___ Supplied material
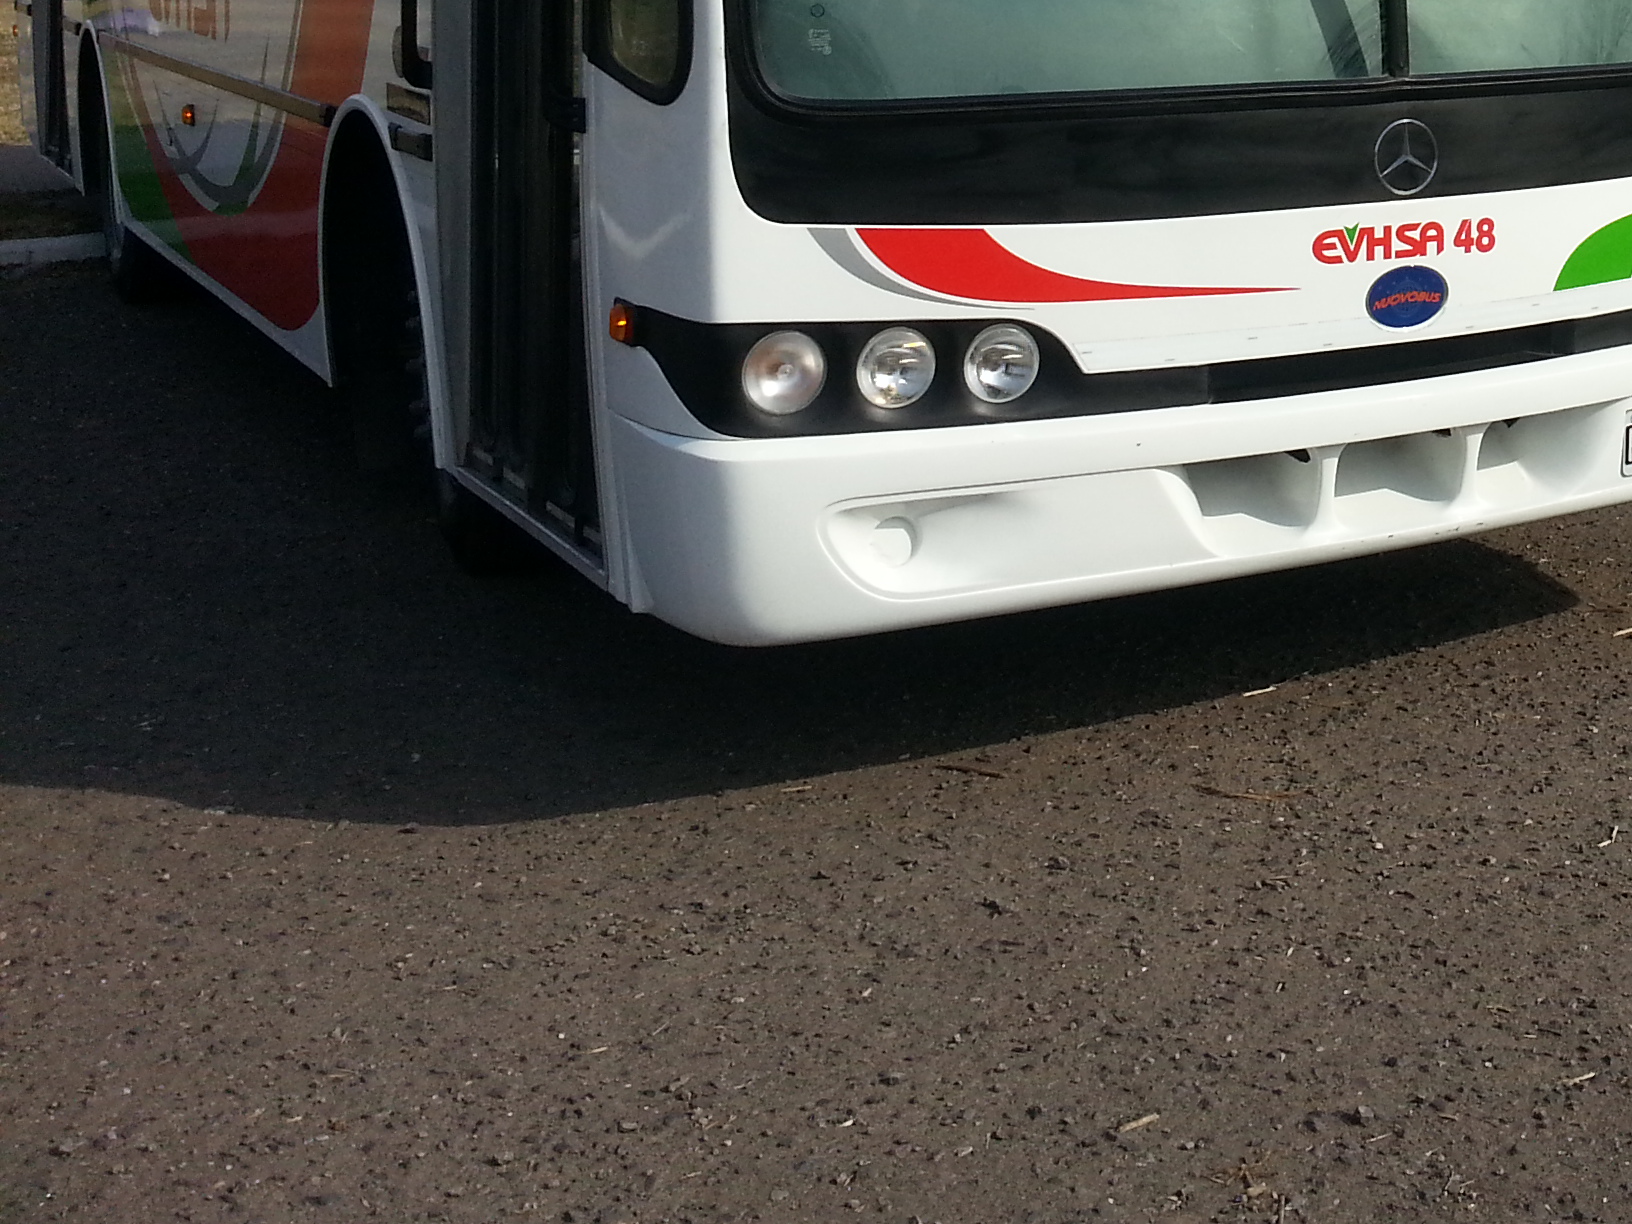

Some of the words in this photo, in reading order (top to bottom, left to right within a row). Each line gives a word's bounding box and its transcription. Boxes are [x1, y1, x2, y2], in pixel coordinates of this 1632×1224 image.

[1312, 221, 1445, 264] EVHSA
[1453, 217, 1496, 254] 48
[1372, 290, 1441, 310] NUOVOBUS
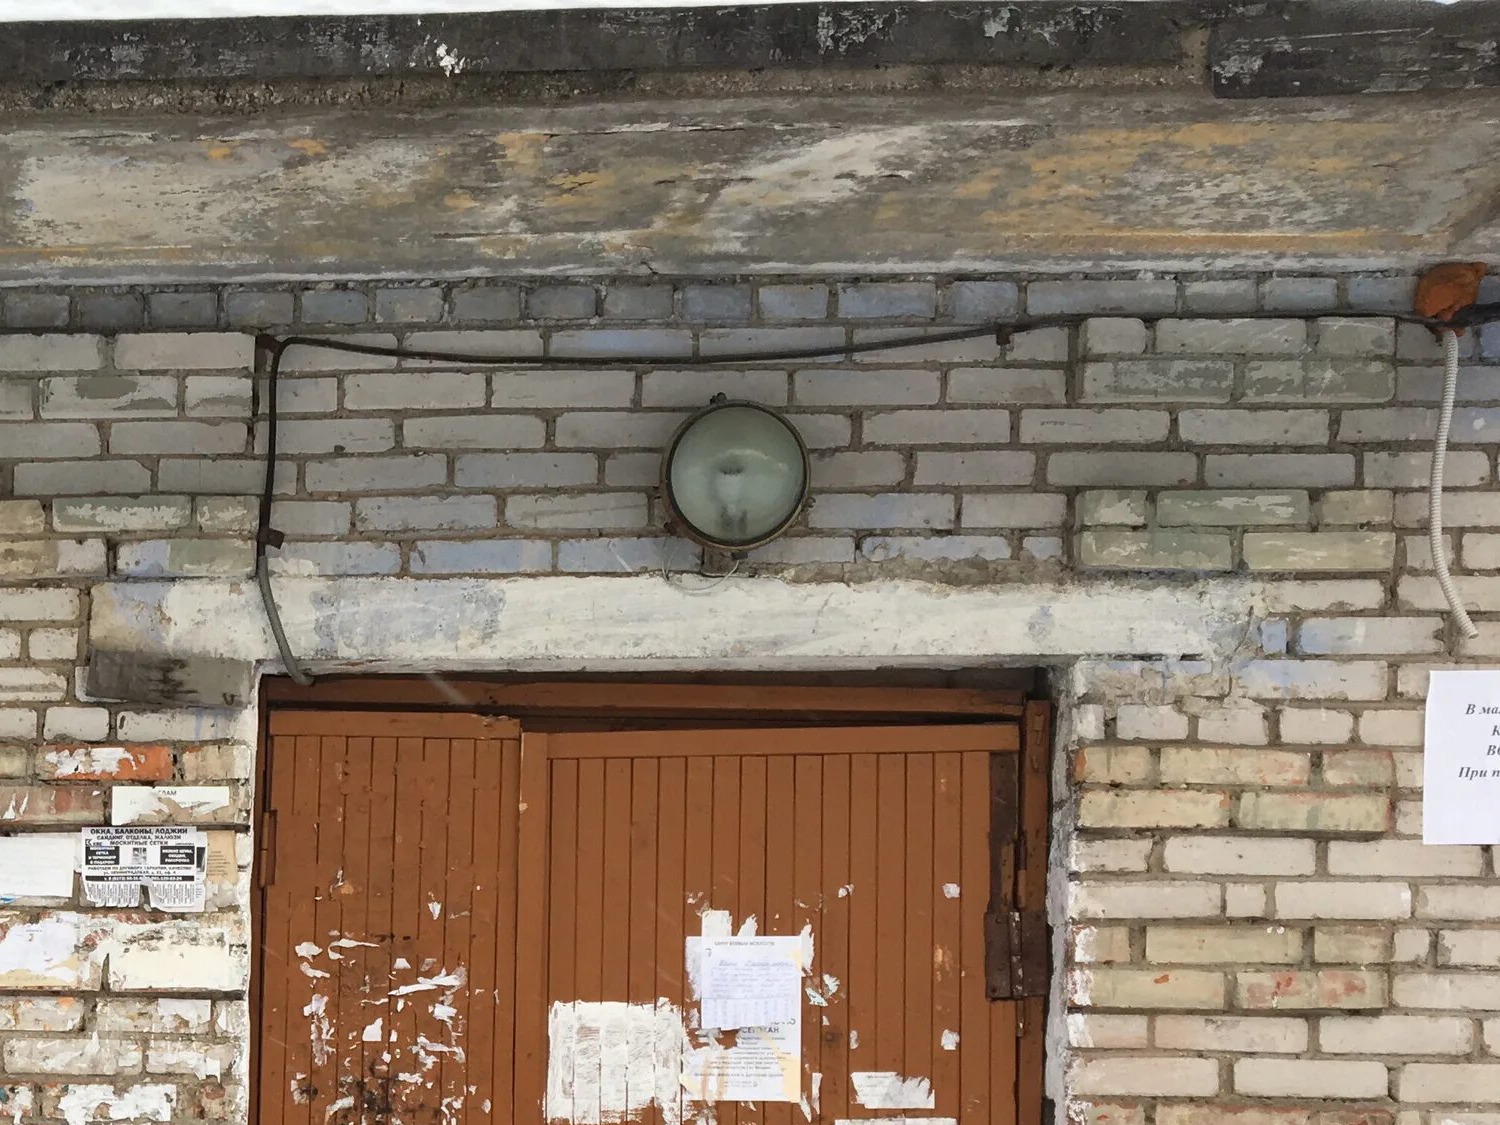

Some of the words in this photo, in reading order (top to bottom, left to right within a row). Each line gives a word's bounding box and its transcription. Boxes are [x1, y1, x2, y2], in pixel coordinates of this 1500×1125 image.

[1466, 704, 1476, 715] В
[1479, 706, 1500, 714] ма
[1458, 767, 1487, 780] При
______
What needs to be done — Every entry should be returned exactly as written, minus the pictures.

Solution for this task —
Some of the words in this photo, in reading order (top to bottom, left to right within a row). Each line gives a word's bounding box and its transcription. Boxes are [x1, y1, x2, y2], in pixel coordinates of this 1632×1224 image.

[1312, 221, 1445, 264] EVHSA
[1453, 217, 1496, 254] 48
[1372, 290, 1441, 310] NUOVOBUS

Some of the words in this photo, in reading order (top to bottom, left to right within a row). Each line gives a word's bounding box and its transcription. Boxes are [x1, y1, x2, y2], in pixel coordinates of this 1500×1125 image.

[1466, 704, 1476, 715] В
[1479, 706, 1500, 714] ма
[1458, 767, 1487, 780] При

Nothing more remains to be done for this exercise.